GOAL OF THE EXERCISE: The goal is an unaltered copy of the records below, minus any images.

DATA LISTING:

..........

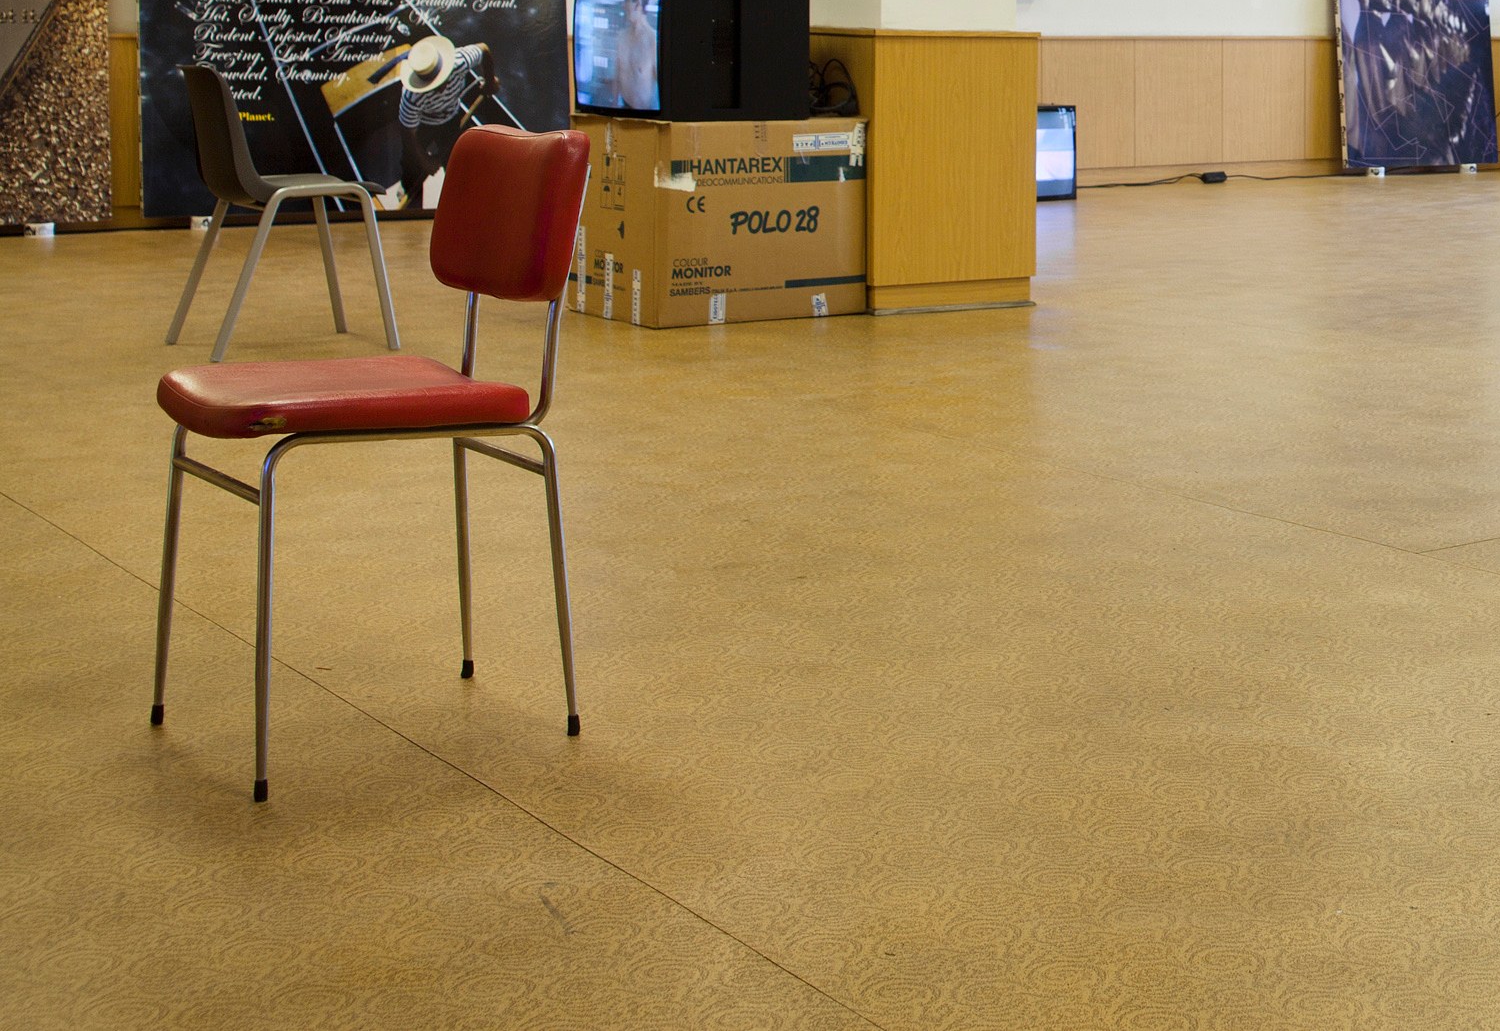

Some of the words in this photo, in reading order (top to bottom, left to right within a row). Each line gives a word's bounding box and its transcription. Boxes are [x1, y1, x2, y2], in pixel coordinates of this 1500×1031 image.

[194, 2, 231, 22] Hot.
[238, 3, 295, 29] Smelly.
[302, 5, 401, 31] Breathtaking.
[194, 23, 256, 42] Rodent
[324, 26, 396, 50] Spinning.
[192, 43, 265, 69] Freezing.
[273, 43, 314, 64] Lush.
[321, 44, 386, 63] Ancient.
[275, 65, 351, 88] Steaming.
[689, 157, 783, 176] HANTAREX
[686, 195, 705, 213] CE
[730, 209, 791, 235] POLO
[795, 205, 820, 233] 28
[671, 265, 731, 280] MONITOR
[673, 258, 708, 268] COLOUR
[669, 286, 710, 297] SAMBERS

..........

WRITTEN RESPONSE:
Some of the words in this photo, in reading order (top to bottom, left to right within a row). Each line gives a word's bounding box and its transcription. Boxes are [x1, y1, x2, y2], in pixel coordinates of this 1500×1031 image.

[194, 2, 231, 22] Hot.
[238, 3, 295, 29] Smelly.
[302, 5, 401, 31] Breathtaking.
[194, 23, 256, 42] Rodent
[324, 26, 396, 50] Spinning.
[192, 43, 265, 69] Freezing.
[273, 43, 314, 64] Lush.
[321, 44, 386, 63] Ancient.
[275, 65, 351, 88] Steaming.
[689, 157, 783, 176] HANTAREX
[686, 195, 705, 213] CE
[730, 209, 791, 235] POLO
[795, 205, 820, 233] 28
[671, 265, 731, 280] MONITOR
[673, 258, 708, 268] COLOUR
[669, 286, 710, 297] SAMBERS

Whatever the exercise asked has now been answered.